━━━━━ Records for the task ━━━━━
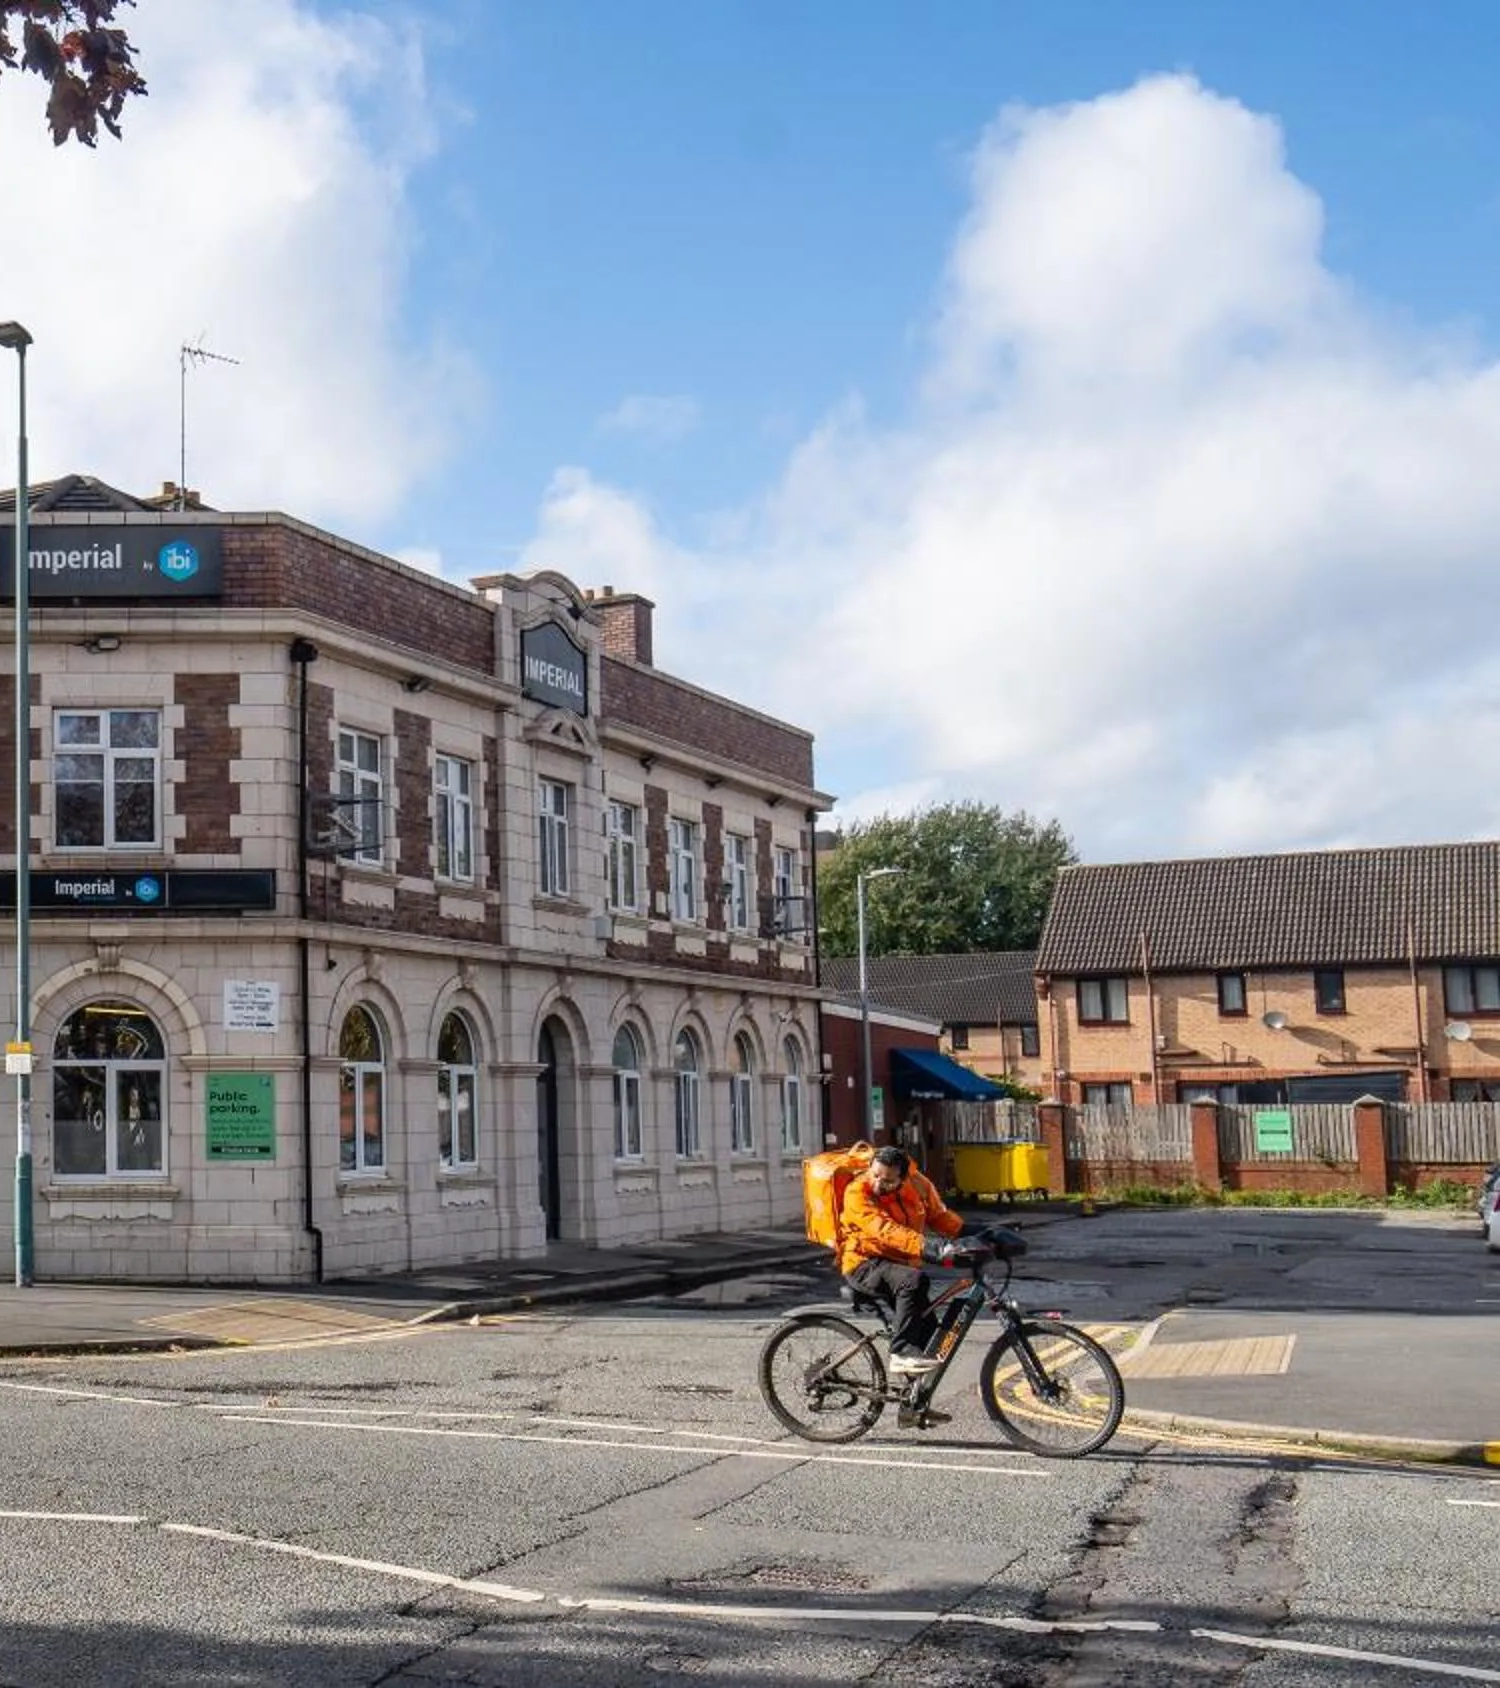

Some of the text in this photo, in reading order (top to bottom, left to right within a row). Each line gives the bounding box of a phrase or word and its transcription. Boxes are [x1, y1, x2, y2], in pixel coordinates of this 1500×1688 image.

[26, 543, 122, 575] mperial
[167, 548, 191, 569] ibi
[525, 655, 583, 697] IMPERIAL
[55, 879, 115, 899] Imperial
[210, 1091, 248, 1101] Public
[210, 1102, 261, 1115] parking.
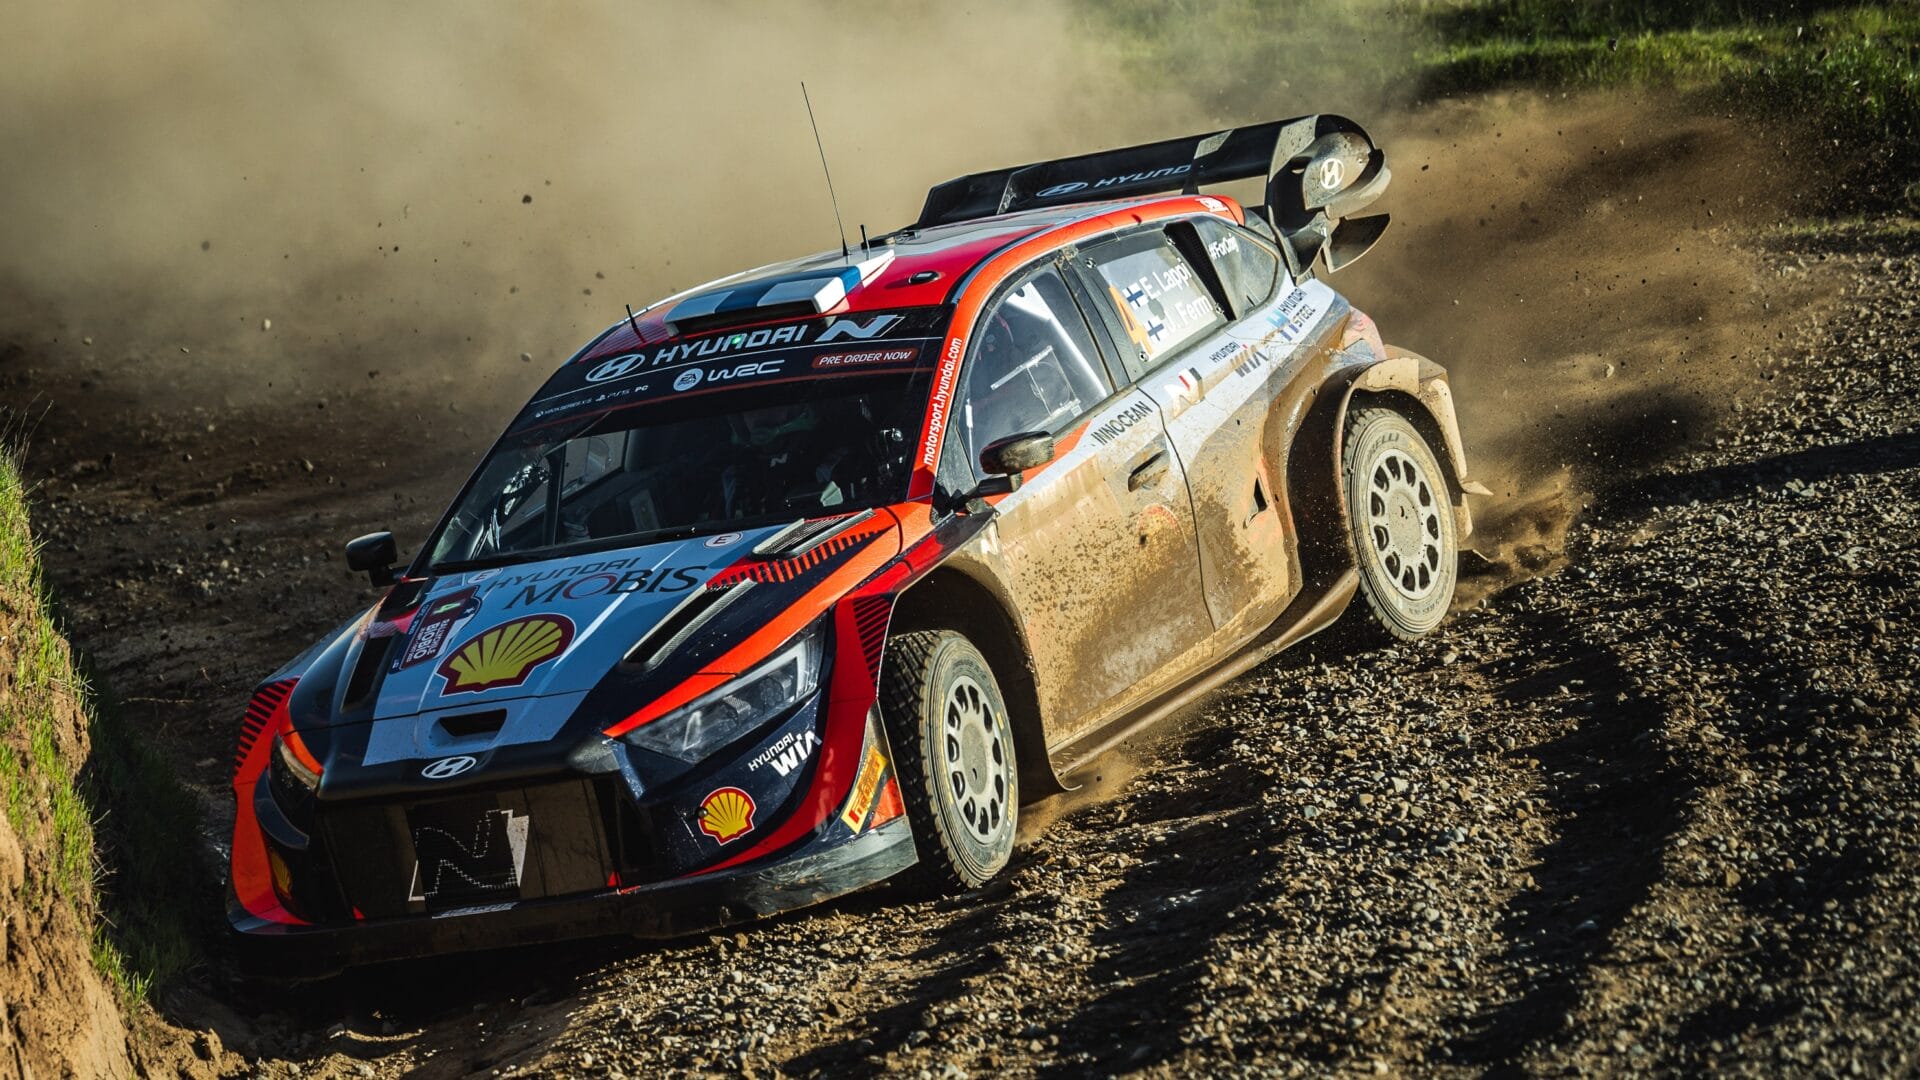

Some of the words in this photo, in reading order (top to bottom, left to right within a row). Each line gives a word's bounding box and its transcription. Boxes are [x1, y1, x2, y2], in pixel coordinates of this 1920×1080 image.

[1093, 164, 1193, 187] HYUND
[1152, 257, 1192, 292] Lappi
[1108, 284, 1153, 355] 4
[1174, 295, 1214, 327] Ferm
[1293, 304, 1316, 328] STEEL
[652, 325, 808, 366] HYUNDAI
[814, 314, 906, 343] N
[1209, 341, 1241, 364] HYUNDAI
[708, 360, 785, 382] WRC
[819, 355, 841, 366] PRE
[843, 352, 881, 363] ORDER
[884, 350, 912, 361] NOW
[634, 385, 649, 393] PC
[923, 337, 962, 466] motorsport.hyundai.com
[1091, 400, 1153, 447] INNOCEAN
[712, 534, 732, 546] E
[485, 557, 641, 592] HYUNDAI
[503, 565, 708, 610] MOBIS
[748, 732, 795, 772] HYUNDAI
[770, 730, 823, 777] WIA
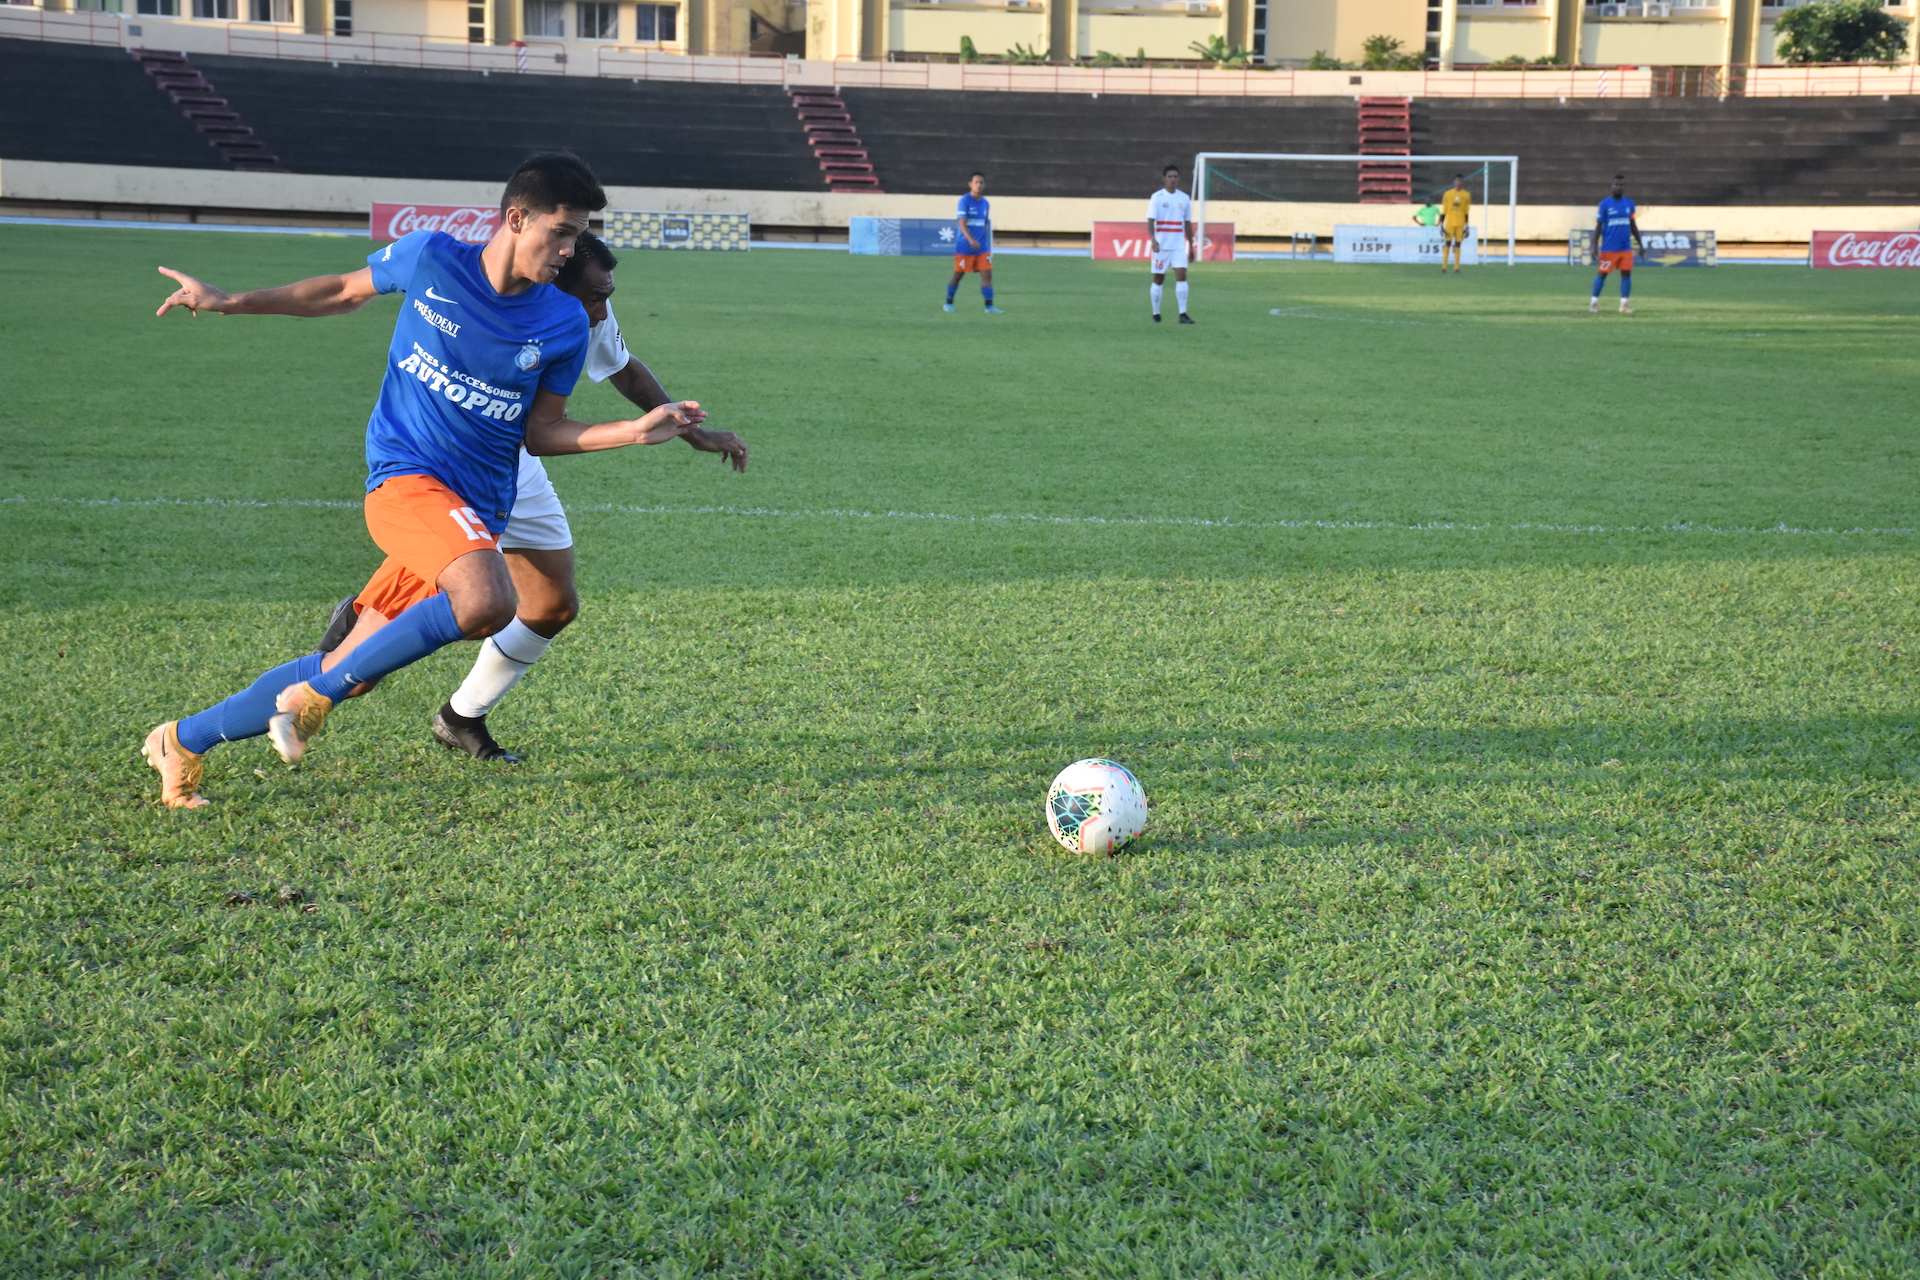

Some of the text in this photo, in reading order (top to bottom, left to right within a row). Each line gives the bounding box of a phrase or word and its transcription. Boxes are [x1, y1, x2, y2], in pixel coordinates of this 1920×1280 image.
━━━━━
▸ What this task involves:
Repeat the records word for word. Leave out whatever pictures they hold.

▸ Answer below:
Some of the text in this photo, in reading order (top to bottom, left to right within a row). Each line gives the bounding box of a phrase or word and its transcription. Boxes are [x1, y1, x2, y2], in pixel coordinates of this 1500×1688 image.

[26, 543, 122, 575] mperial
[167, 548, 191, 569] ibi
[525, 655, 583, 697] IMPERIAL
[55, 879, 115, 899] Imperial
[210, 1091, 248, 1101] Public
[210, 1102, 261, 1115] parking.

Some of the words in this photo, in reading order (top to bottom, left to right within a row). Each line gives a word's bounding box and its transcription. Boxes are [x1, y1, x2, y2], in pixel coordinates of this 1920×1080 image.

[1093, 164, 1193, 187] HYUND
[1152, 257, 1192, 292] Lappi
[1108, 284, 1153, 355] 4
[1174, 295, 1214, 327] Ferm
[1293, 304, 1316, 328] STEEL
[652, 325, 808, 366] HYUNDAI
[814, 314, 906, 343] N
[1209, 341, 1241, 364] HYUNDAI
[708, 360, 785, 382] WRC
[819, 355, 841, 366] PRE
[843, 352, 881, 363] ORDER
[884, 350, 912, 361] NOW
[634, 385, 649, 393] PC
[923, 337, 962, 466] motorsport.hyundai.com
[1091, 400, 1153, 447] INNOCEAN
[712, 534, 732, 546] E
[485, 557, 641, 592] HYUNDAI
[503, 565, 708, 610] MOBIS
[748, 732, 795, 772] HYUNDAI
[770, 730, 823, 777] WIA

Some of the text in this photo, in reading order (top to bottom, left to right within a row). Each line gives the bounding box of a phrase or word and its transcription. Boxes are [x1, y1, x2, y2], in pixel coordinates of this 1920×1280 image.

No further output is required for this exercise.